• Supplied records:

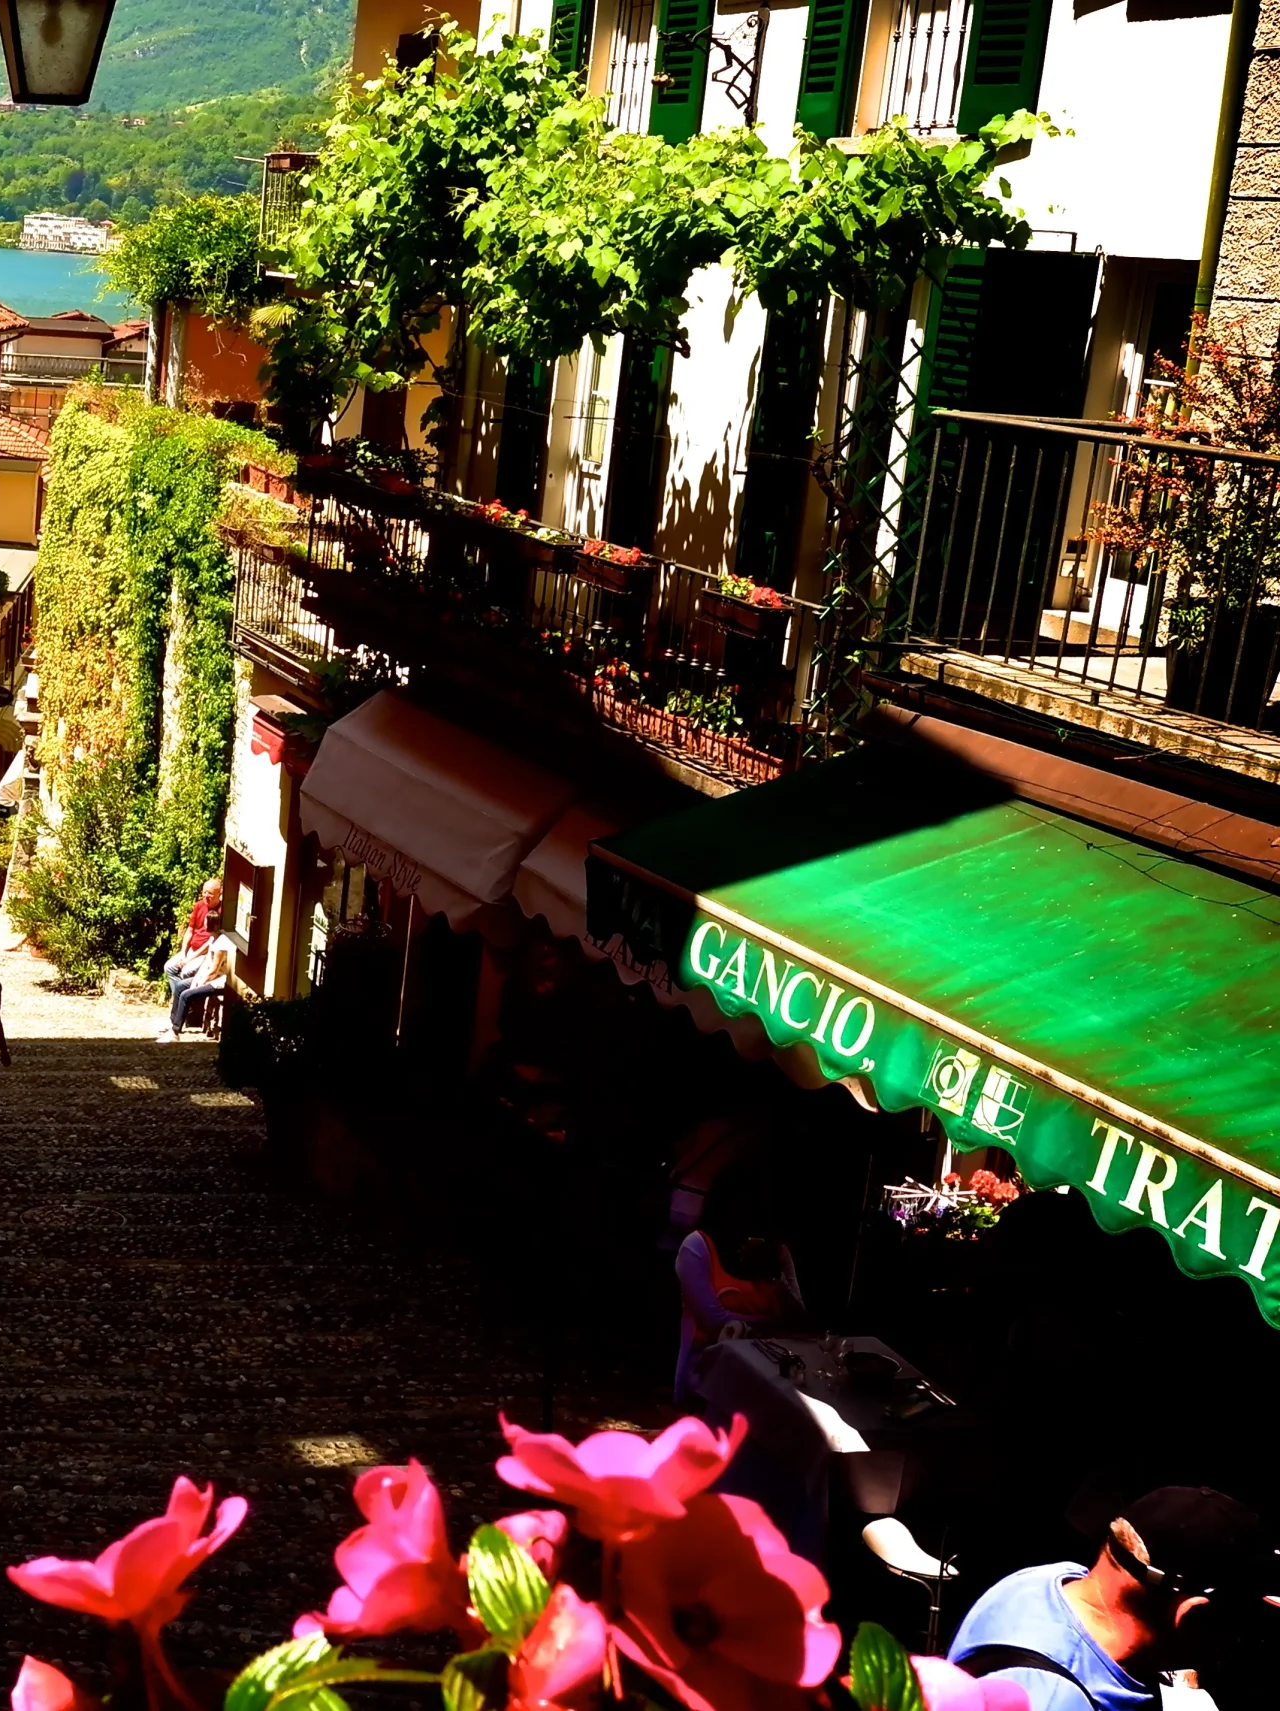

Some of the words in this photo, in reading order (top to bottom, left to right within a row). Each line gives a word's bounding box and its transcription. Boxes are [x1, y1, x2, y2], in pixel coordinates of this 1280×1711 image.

[342, 822, 387, 871] Italian
[387, 850, 422, 892] Style
[1085, 1117, 1280, 1282] TRAT
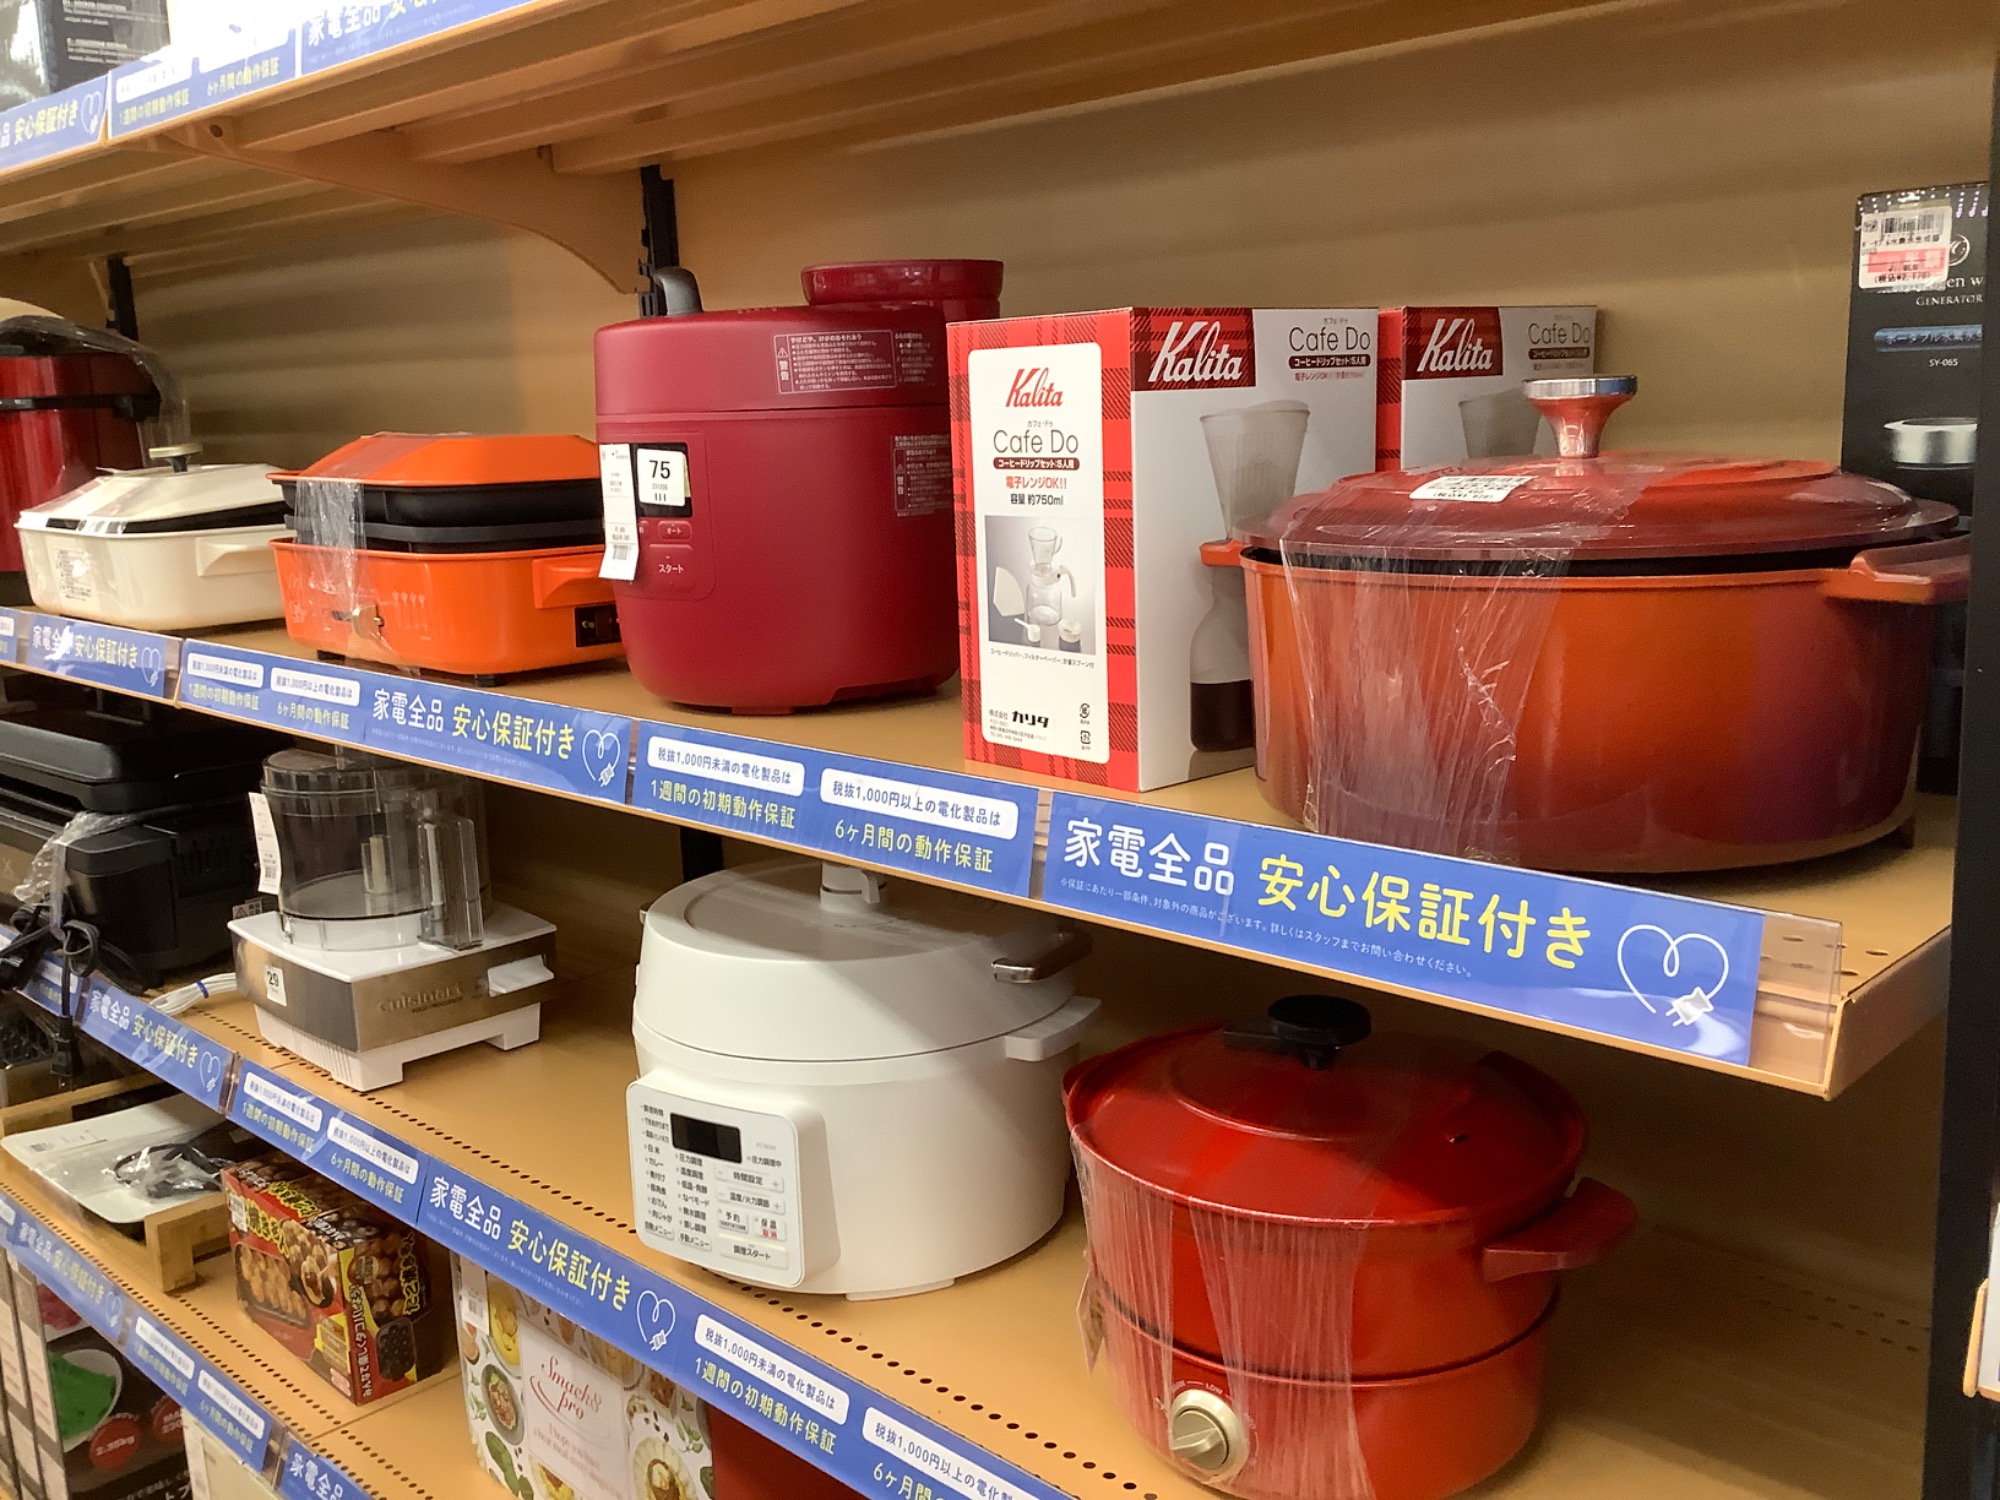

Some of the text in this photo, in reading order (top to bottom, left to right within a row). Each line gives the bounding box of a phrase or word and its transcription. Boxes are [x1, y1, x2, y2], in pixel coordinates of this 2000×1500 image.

[1148, 320, 1243, 383] Kalita
[1289, 326, 1371, 351] Cafe Do
[1417, 317, 1493, 373] Kalita
[1528, 322, 1590, 345] Cafe Do
[1005, 367, 1064, 408] Kalita
[993, 429, 1080, 454] Cafe Do
[648, 460, 671, 480] 75
[1006, 475, 1067, 490] 電子レンジOK!!
[658, 564, 685, 575] スタート
[74, 634, 138, 671] 安心保証付き
[372, 688, 445, 733] 家電全品
[451, 702, 576, 761] 安心保証付き
[1012, 710, 1049, 728] カリタ
[657, 745, 793, 785] 税抜1,000円未満の電化製品は
[650, 777, 796, 831] 1週間の初期動作保証
[831, 779, 1002, 827] 税抜1,000円以上の電化製品は
[834, 821, 994, 874] 6ヶ月間の動作保証
[1063, 817, 1593, 970] 家電全品 安心保証付き
[266, 970, 279, 987] 29
[90, 989, 199, 1069] 家電全品 安心保証付き
[733, 1171, 763, 1186] 時間設定
[429, 1176, 502, 1241] 家電全品
[507, 1219, 631, 1312] 安心保証付き
[733, 1245, 771, 1261] 調理スタート
[704, 1326, 836, 1411] 税抜1,000円未満の電化製品は
[1205, 1382, 1224, 1395] LOW
[695, 1356, 838, 1456] 1週間の初期動作保証

• Directions for this task: From the line containing "Some of the text" through the last line of the records, output each line exactly and nothing more.

• Completed exercise:
Some of the text in this photo, in reading order (top to bottom, left to right within a row). Each line gives the bounding box of a phrase or word and its transcription. Boxes are [x1, y1, x2, y2], in pixel coordinates of this 2000×1500 image.

[1148, 320, 1243, 383] Kalita
[1289, 326, 1371, 351] Cafe Do
[1417, 317, 1493, 373] Kalita
[1528, 322, 1590, 345] Cafe Do
[1005, 367, 1064, 408] Kalita
[993, 429, 1080, 454] Cafe Do
[648, 460, 671, 480] 75
[1006, 475, 1067, 490] 電子レンジOK!!
[658, 564, 685, 575] スタート
[74, 634, 138, 671] 安心保証付き
[372, 688, 445, 733] 家電全品
[451, 702, 576, 761] 安心保証付き
[1012, 710, 1049, 728] カリタ
[657, 745, 793, 785] 税抜1,000円未満の電化製品は
[650, 777, 796, 831] 1週間の初期動作保証
[831, 779, 1002, 827] 税抜1,000円以上の電化製品は
[834, 821, 994, 874] 6ヶ月間の動作保証
[1063, 817, 1593, 970] 家電全品 安心保証付き
[266, 970, 279, 987] 29
[90, 989, 199, 1069] 家電全品 安心保証付き
[733, 1171, 763, 1186] 時間設定
[429, 1176, 502, 1241] 家電全品
[507, 1219, 631, 1312] 安心保証付き
[733, 1245, 771, 1261] 調理スタート
[704, 1326, 836, 1411] 税抜1,000円未満の電化製品は
[1205, 1382, 1224, 1395] LOW
[695, 1356, 838, 1456] 1週間の初期動作保証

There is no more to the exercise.